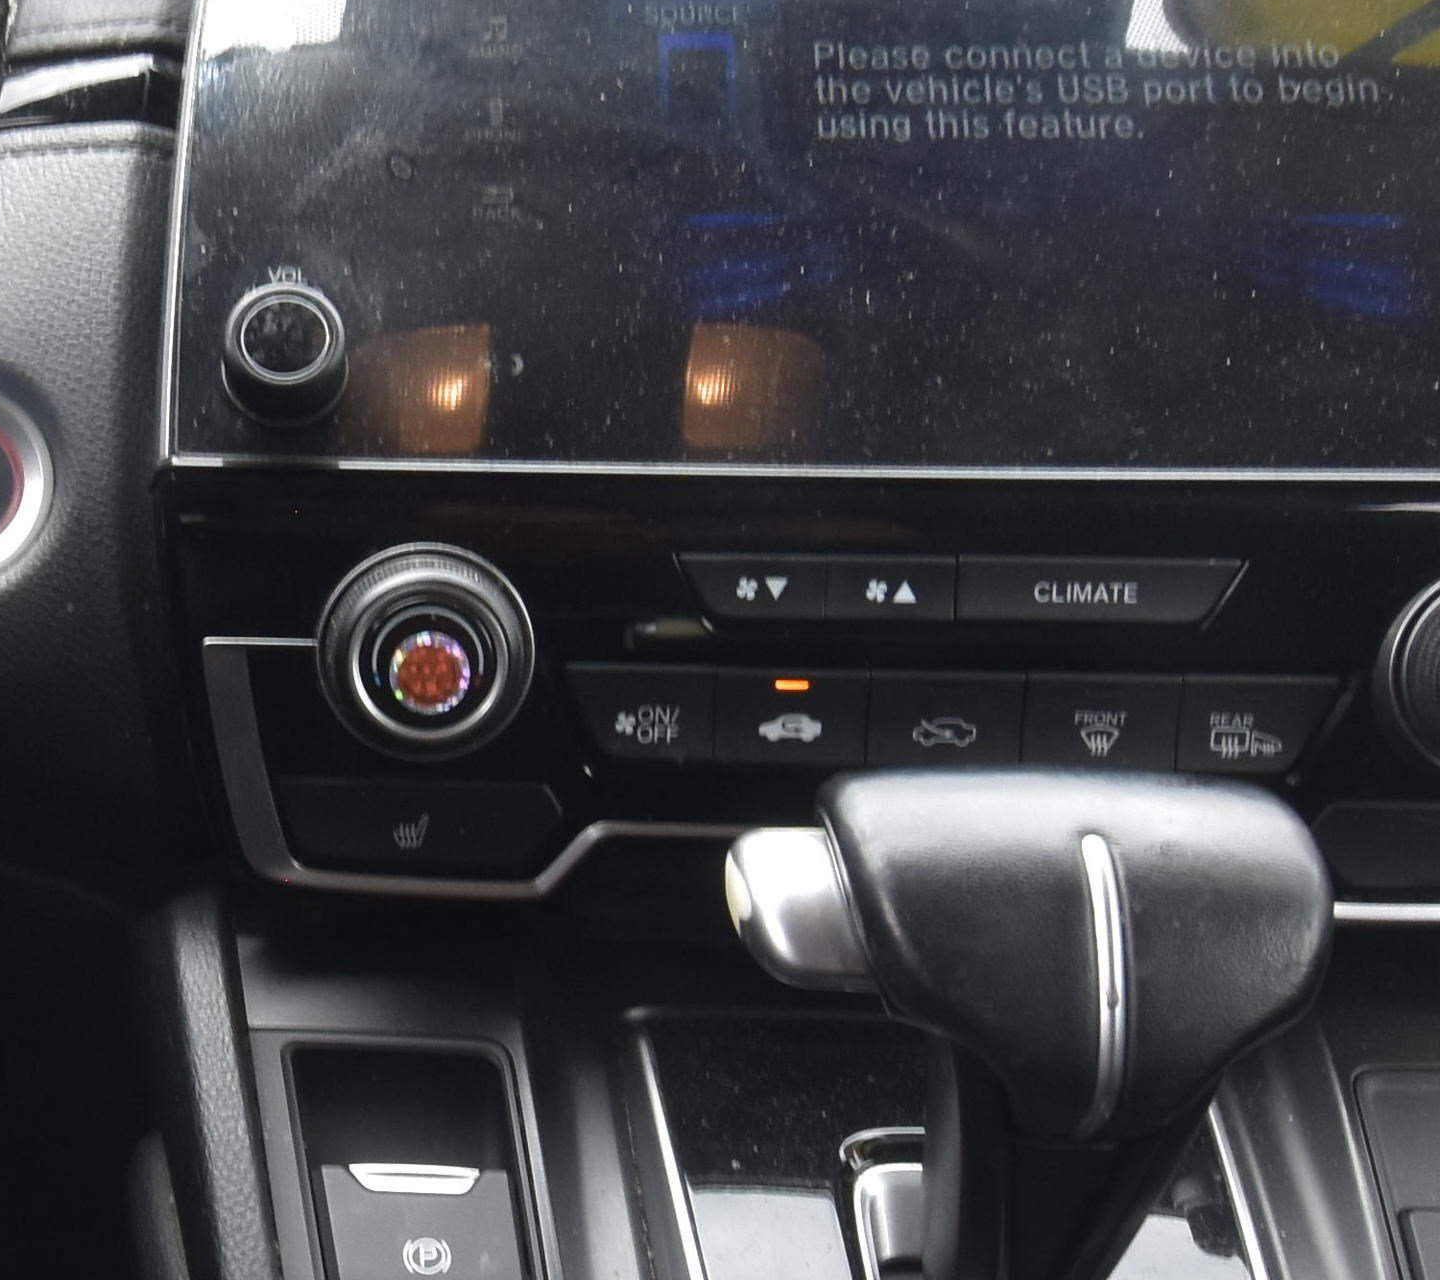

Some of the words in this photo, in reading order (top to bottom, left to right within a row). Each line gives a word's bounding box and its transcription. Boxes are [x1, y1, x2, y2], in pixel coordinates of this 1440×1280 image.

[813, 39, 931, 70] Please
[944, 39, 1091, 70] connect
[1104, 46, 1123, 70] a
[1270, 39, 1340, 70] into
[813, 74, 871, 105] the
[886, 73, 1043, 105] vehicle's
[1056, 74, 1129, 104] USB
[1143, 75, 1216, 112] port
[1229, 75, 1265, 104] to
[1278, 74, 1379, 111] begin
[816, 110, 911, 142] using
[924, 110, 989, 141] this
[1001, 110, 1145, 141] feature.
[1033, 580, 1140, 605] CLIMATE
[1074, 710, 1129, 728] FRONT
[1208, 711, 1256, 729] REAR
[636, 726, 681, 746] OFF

-*-

▶ TRY IT:
The output should consist of every entry above, printed exactly, with the images removed.

▶ WRITTEN SOLUTION:
Some of the words in this photo, in reading order (top to bottom, left to right within a row). Each line gives a word's bounding box and its transcription. Boxes are [x1, y1, x2, y2], in pixel coordinates of this 1440×1280 image.

[813, 39, 931, 70] Please
[944, 39, 1091, 70] connect
[1104, 46, 1123, 70] a
[1270, 39, 1340, 70] into
[813, 74, 871, 105] the
[886, 73, 1043, 105] vehicle's
[1056, 74, 1129, 104] USB
[1143, 75, 1216, 112] port
[1229, 75, 1265, 104] to
[1278, 74, 1379, 111] begin
[816, 110, 911, 142] using
[924, 110, 989, 141] this
[1001, 110, 1145, 141] feature.
[1033, 580, 1140, 605] CLIMATE
[1074, 710, 1129, 728] FRONT
[1208, 711, 1256, 729] REAR
[636, 726, 681, 746] OFF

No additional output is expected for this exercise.